Crónica do Homem a Dias - Almoço de Natal



Esta publicação é da responsabilidade exclusiva do seu autor!


Depois da meditação, sentado no penedo à beira do caminho, H. D. prosseguiu o passeio da manhã de Natal.

Chegou à Quinta da Torre. Aí parou durante cerca de uma hora. Deambulou, triste, voltou a sentar-se. E mais triste ainda regressou a casa. Na Quinta da Torre tinha passado muitos bons momentos da sua infância. E o que observava agora era sumamente constrangedor. Como permanecer indiferente?

 E regressou a casa pelo mesmo caminho. Tinha convidado o primo Joaquim para o almoço de Natal e era necessário prepará-lo. H. D. estava a tentar retomar as amizades de infância e de juventude, depois de algum tempo de afastamento.

O Joaquim também tinha saído da aldeia. Como era bom aluno na escola primária, os pais mandaram-no estudar na cidade. Ele fez o curso do Magistério e tornou-se professor do primeiro ciclo. Mais tarde, conheceu Alda, que era natural do Alto Alentejo, e com ela contraiu matrimónio. Viveram dez anos juntos e tiveram dois filhos. Depois seguiu-se o divórcio, tão penoso como um caminho de cardos.  Joaquim pensou que mudar de lugar, de paisagem e de gentes, lhe faria bem para vencer essa época tão inquietante da sua vida. Rejeitou a cidade, fosse ela qual fosse e concorreu para os Açores. E lá estava feliz. Raramente vinha ao continente, mas a morte da mãe trouxe-o de volta. Ele aproveitou para passar o Natal com a tia e com o primo.

H.D. e Joaquim prepararam um almoço frugal, com a ajuda da mãe que sempre desejava estar presente nas tarefas domésticas.

- Passei a manhã para os lados da Quinta da Torre, o Paraíso da nossa juventude. Lá, na represa da ribeira, despíamo-nos e aprendíamos a nadar. Bogas e bordalos vinham fazer-nos cócegas nas pernas. Em cima, uma águia planava atenta. Perto de tudo, os trabalhadores da Quinta andavam ocupados a regar o milho e a apanhar feijão e abóboras. Podíamos ouvi-los a cantar e a assobiar- disse H. D. Mas o que vi hoje deixou-me deprimido. Depois do incêndio do verão, vieram as máquinas que passaram a terra pelos dentes e foram plantados eucaliptos. O eucalipto isolado até é uma planta bonita e bem cheirosa. Mas plantados desta forma são um atentado à biodiversidade. Eles não deixam crescer nada mais em volta.
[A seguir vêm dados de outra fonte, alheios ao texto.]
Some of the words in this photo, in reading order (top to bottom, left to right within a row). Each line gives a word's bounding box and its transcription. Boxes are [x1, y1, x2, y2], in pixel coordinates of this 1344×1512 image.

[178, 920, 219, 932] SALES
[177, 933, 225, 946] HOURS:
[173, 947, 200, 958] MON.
- Meninos, a pasta de papel é importante para fazer papel higiénico. E hoje há muitos cus para limpar, disse a mãe.

Riram da brincadeira. Afinal, a mãe ainda conservava o sentido de humor.
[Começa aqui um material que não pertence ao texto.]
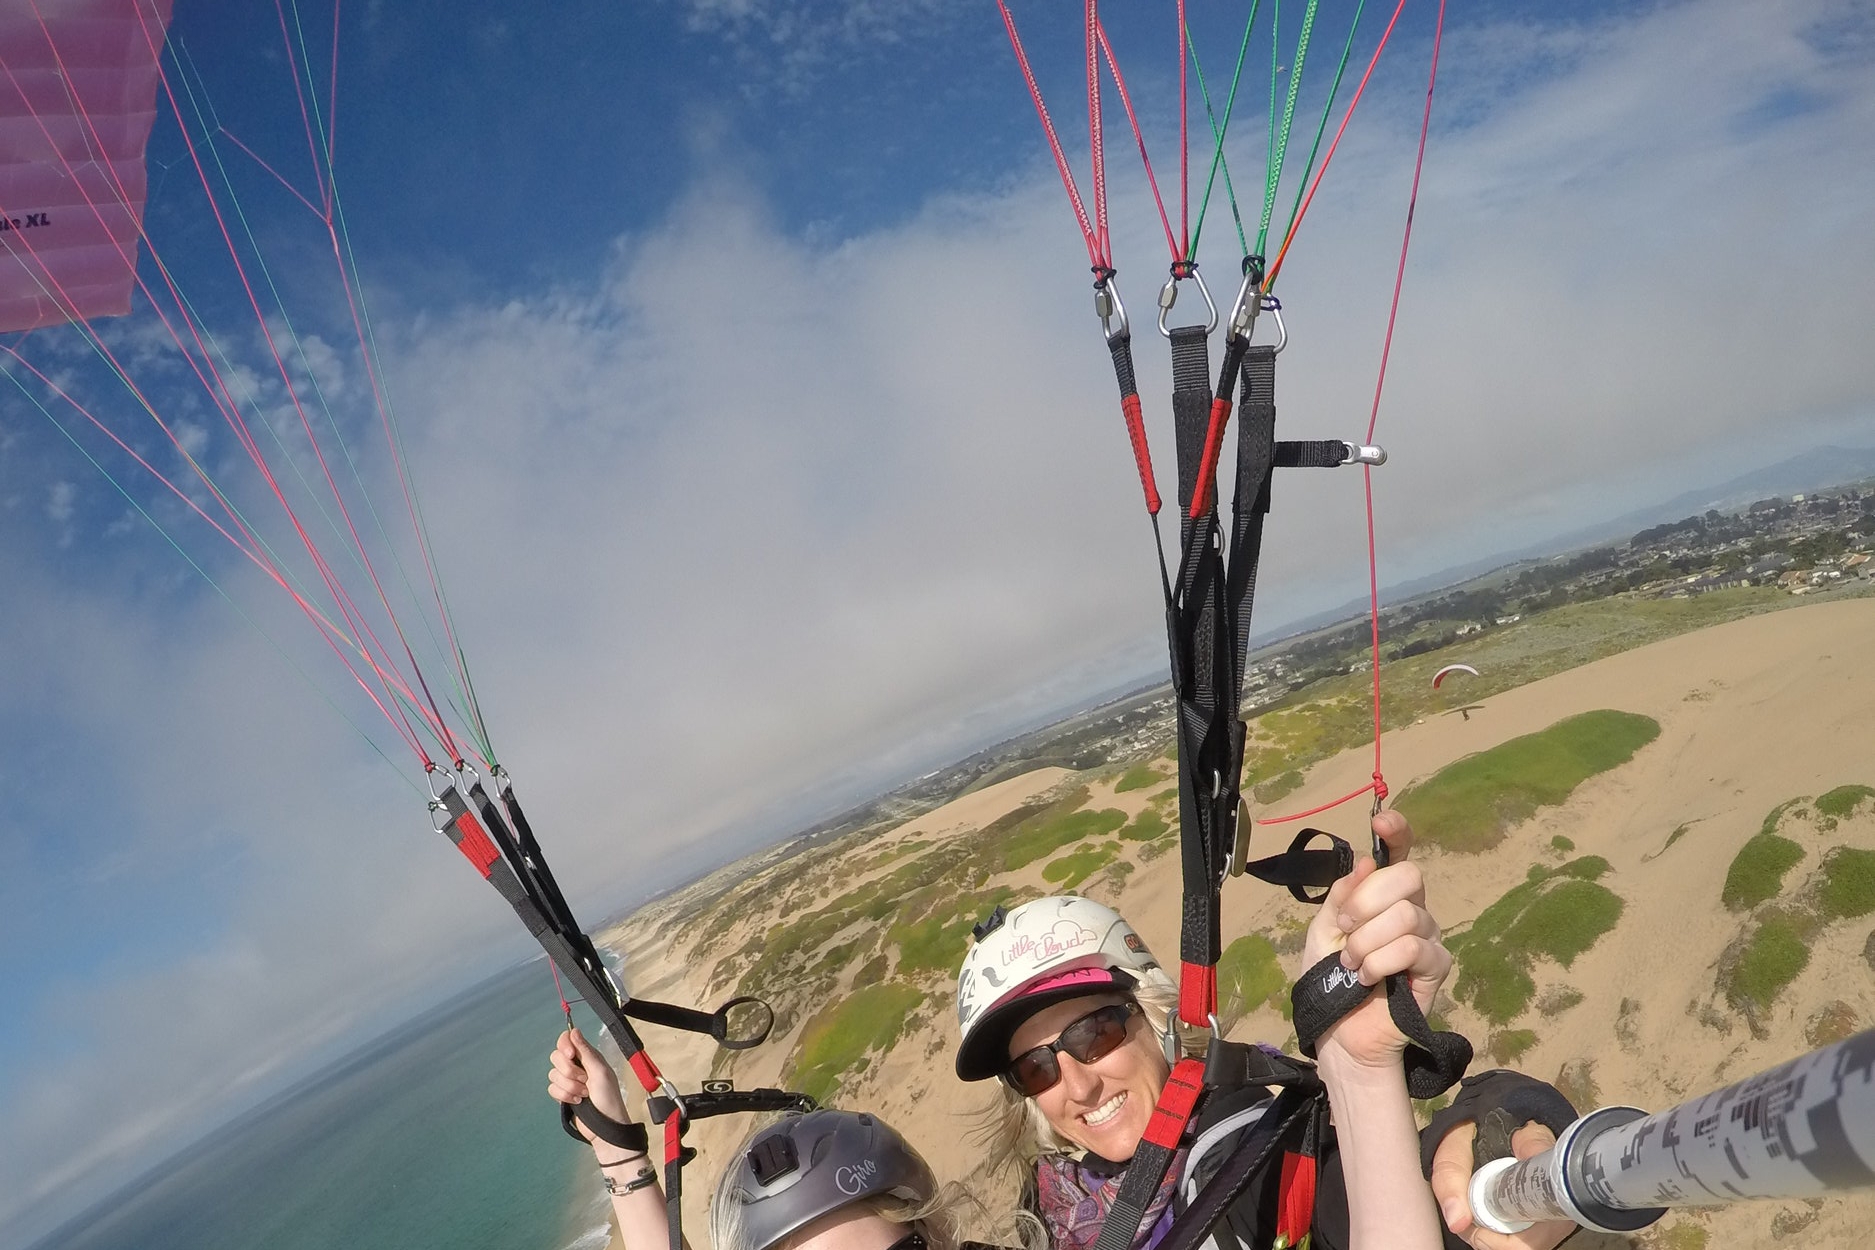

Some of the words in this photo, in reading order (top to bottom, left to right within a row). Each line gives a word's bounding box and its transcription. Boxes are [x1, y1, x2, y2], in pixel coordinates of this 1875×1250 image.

[26, 213, 51, 228] XL
[1001, 934, 1036, 966] Little
[1034, 931, 1084, 961] Cloud
[1322, 966, 1344, 993] Little
[1342, 968, 1359, 989] Clo
[835, 1159, 877, 1195] Giro
- Estamos a viver uma nova extinção global, disse Joaquim. As anteriores foram provocadas pela própria Natureza. Mas a actual é pensada e sistematicamente executada pelo animal Sapiens. No planeta Terra, todos os dias desaparece uma espécie vegetal ou animal. É o Apocalipse Now. Até aqui, a ideia do Apocalipse era apenas uma ideia decantada de seitas religiosas. Mas hoje é a própria ciência, descomprometida, quero dizer ciência do conhecimento, que nos vem alertando para o facto. Muitas florestas foram abatidas para a construção, pântanos foram secados, lagos e rios estão envenenados, o ar é irrespirável em muitos lugares da Terra.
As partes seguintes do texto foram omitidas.